Habarbalangan – Pemerintah Kabupaten Balangan kembali melakukan pengisian jabatan pimpinan tinggi pratama melalui pengambilan sumpah/janji jabatan dan pelantikan pejabat di lingkungan Pemkab Balangan. Kegiatan tersebut digelar di Aula Benteng Tundakan, Jumat (13/2/2026).
Dalam pelantikan tersebut, Andi Firmansyah Alam Saputra resmi dilantik sebagai Kepala Dinas Kependudukan dan Pencatatan Sipil (Disdukcapil) Kabupaten Balangan. Sebelumnya, ia menjabat sebagai Pelaksana Tugas (Plt) Kepala Dinas Kepemudaan, Olahraga, dan Pariwisata (Disporapar) Balangan.

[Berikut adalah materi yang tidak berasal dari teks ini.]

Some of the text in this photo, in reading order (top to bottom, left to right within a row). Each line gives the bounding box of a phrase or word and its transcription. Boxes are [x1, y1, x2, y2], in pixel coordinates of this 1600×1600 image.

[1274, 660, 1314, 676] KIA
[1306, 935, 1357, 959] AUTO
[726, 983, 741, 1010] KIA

Pelantikan dipimpin oleh Wakil Bupati Balangan sebagai bagian dari upaya penyegaran dan penguatan struktur birokrasi di lingkungan perangkat daerah. Pengisian jabatan definitif dinilai penting untuk memastikan roda pemerintahan berjalan optimal serta meningkatkan kualitas pelayanan publik.

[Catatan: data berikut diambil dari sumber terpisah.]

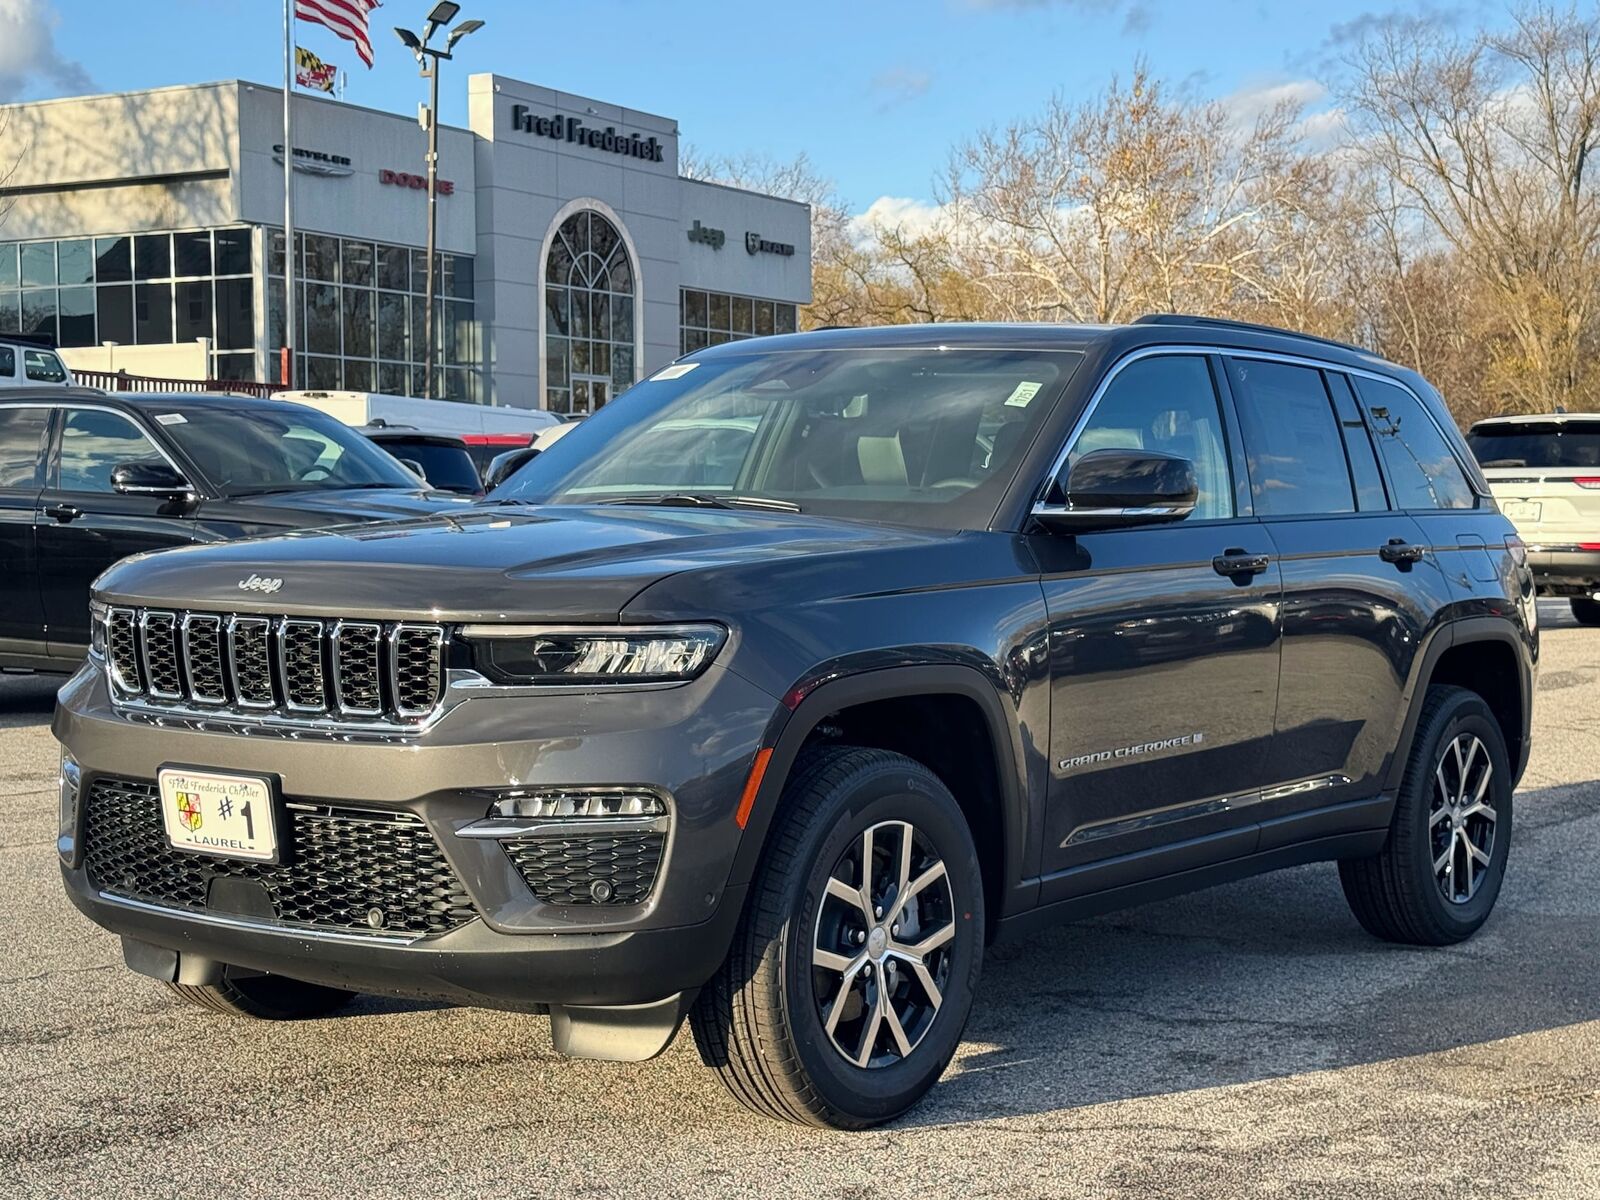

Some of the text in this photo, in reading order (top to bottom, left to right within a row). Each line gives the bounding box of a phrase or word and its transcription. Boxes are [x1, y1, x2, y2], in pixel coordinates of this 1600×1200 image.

Dalam sambutannya, Wakil Bupati Balangan menegaskan bahwa pelantikan pejabat dilakukan secara bertahap bukan tanpa alasan, melainkan menyesuaikan proses administrasi dan mekanisme pengangkatan jabatan yang berbeda-beda di setiap perangkat daerah.

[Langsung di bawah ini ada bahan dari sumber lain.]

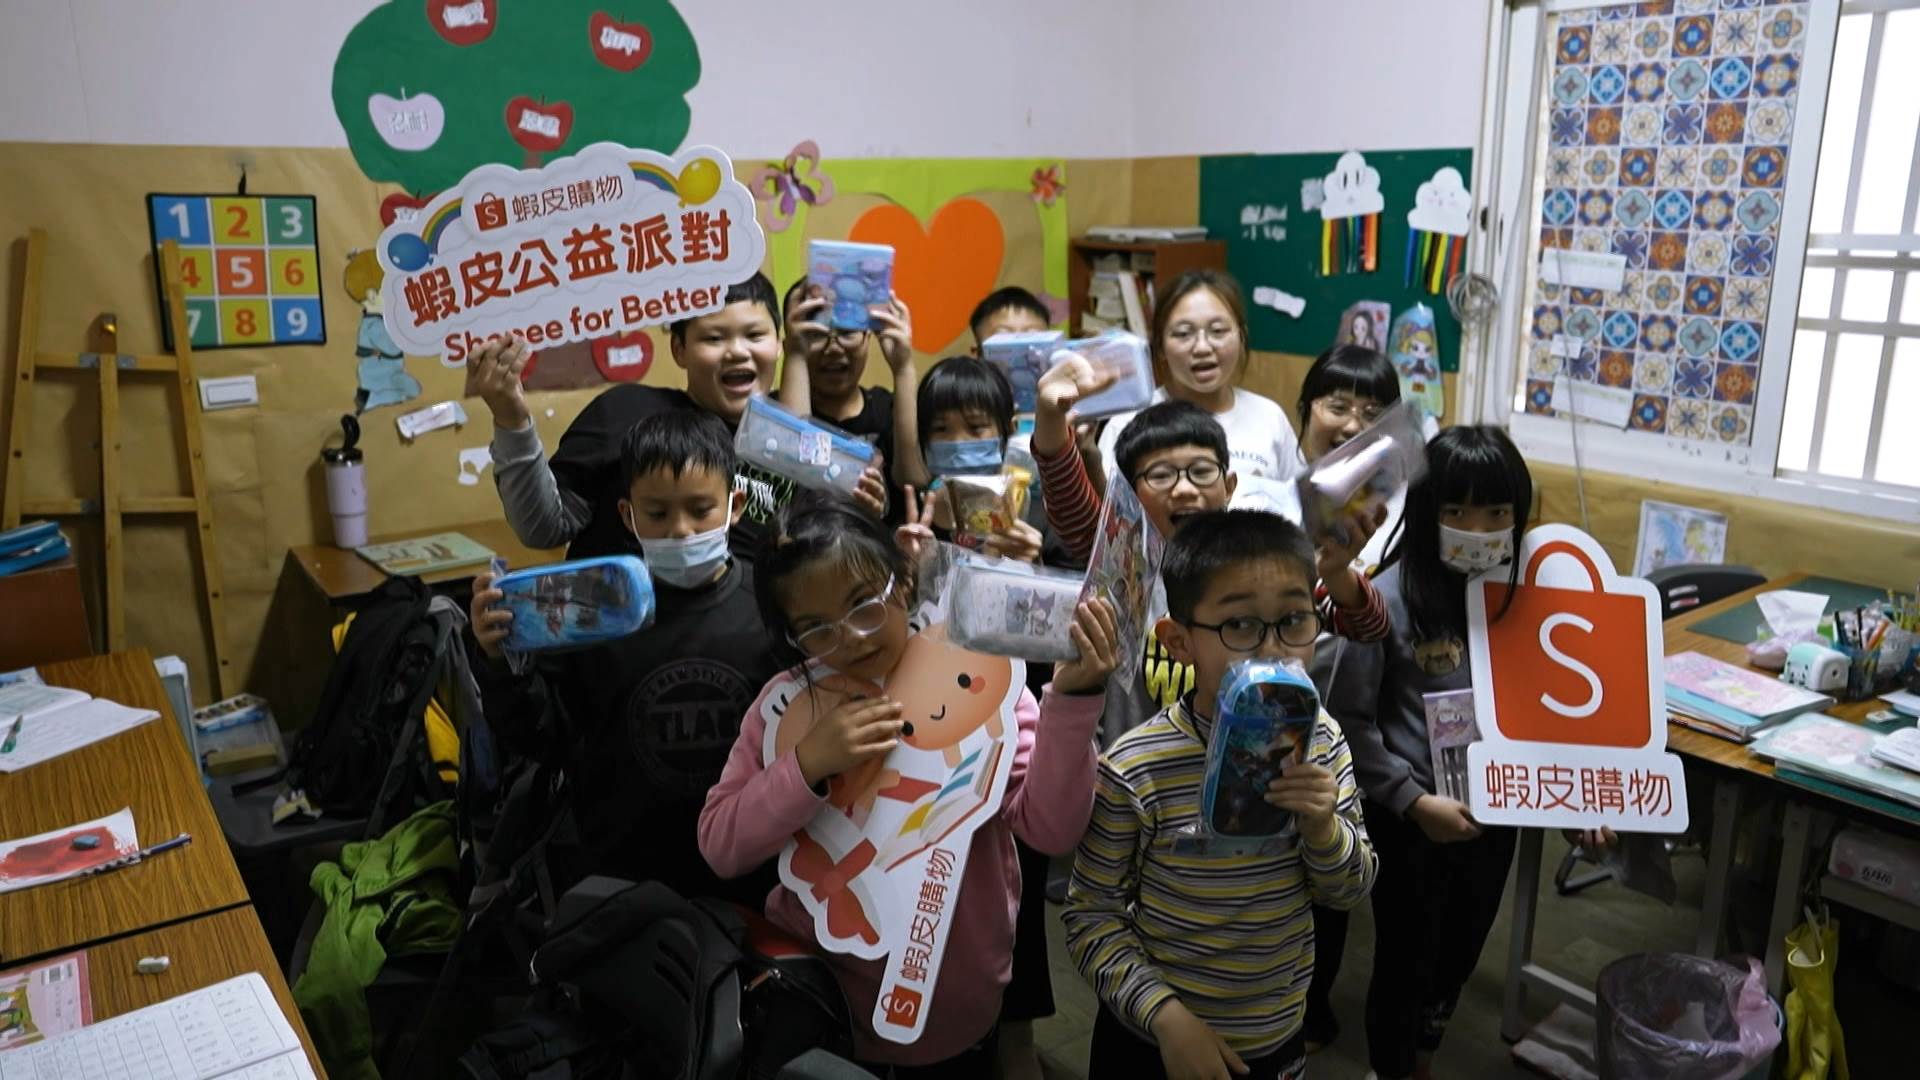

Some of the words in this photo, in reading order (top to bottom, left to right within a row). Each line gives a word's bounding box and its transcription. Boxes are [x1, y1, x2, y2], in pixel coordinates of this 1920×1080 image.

[168, 202, 191, 239] 1
[226, 205, 251, 238] 2
[280, 204, 304, 239] 3
[511, 174, 624, 223] 蝦皮購物
[181, 256, 201, 289] 4
[230, 255, 254, 289] 5
[284, 257, 305, 287] 6
[404, 209, 732, 328] 蝦皮公益派對
[186, 308, 201, 339] 7
[235, 308, 257, 337] 8
[287, 307, 308, 337] 9
[445, 319, 563, 362] Shee
[569, 306, 614, 336] for
[621, 285, 721, 325] Better
[1538, 611, 1604, 719] S
[1485, 760, 1673, 817] 蝦皮購物
[900, 847, 956, 985] 蝦皮購物

“Yang prosesnya sudah lengkap dan bisa dilantik, kita lantik terlebih dahulu. Tidak perlu menunggu semuanya selesai, karena kebutuhan organisasi terhadap pejabat definitif sangat mendesak,” ujarnya.
Ia juga menekankan pentingnya inovasi di setiap SKPD dan unit kerja. Menurutnya, hampir seluruh perangkat daerah di Balangan telah memenuhi kewajiban inovasi, sehingga proses pembayaran Tambahan Penghasilan Pegawai (TPP) dapat berjalan tanpa hambatan.
Namun demikian, inovasi tersebut diharapkan tidak hanya sebatas pemenuhan administrasi, melainkan benar-benar dijalankan dan dikembangkan agar memberikan dampak nyata terhadap peningkatan kinerja organisasi dan kualitas pelayanan publik.
Sementara itu, Kepala BKPSDM Balangan, H. Sufriannor, menjelaskan bahwa pelantikan Kepala Disdukcapil Balangan sempat tertunda karena harus menunggu rekomendasi dari Kementerian Dalam Negeri.
“Perlu dipahami bahwa aturan untuk jabatan Kepala Dinas Kependudukan dan Pencatatan Sipil berbeda dengan kepala dinas lainnya. Prosedur ini diatur secara khusus dalam Peraturan Kemendagri yang wajib kita patuhi” jelasnya.
Ia menambahkan, BKPSDM Balangan telah menjalankan seluruh ketentuan yang berlaku, sehingga pelantikan dapat dilaksanakan berdasarkan rekomendasi dan surat keputusan resmi dari Kemendagri.
Terkait kekosongan jabatan, Bupati Balangan menyampaikan bahwa saat ini masih terdapat sekitar empat SKPD yang belum memiliki pejabat definitif. Ke depan, pengisian jabatan tersebut tidak lagi melalui mekanisme seleksi terbuka, melainkan menggunakan sistem Manajemen Talenta ASN.
“Saat ini BKPSDM sedang mempersiapkan seluruh kelengkapan untuk penerapan Manajemen Talenta. Setelah sistem ini siap, pengisian jabatan Eselon II akan segera kami laksanakan,” ujarnya.
Pemerintah daerah berharap, melalui pengisian jabatan secara bertahap dan penerapan Manajemen Talenta, kinerja birokrasi di Kabupaten Balangan dapat semakin kuat dan pelayanan kepada masyarakat berjalan lebih efektif serta berkelanjutan.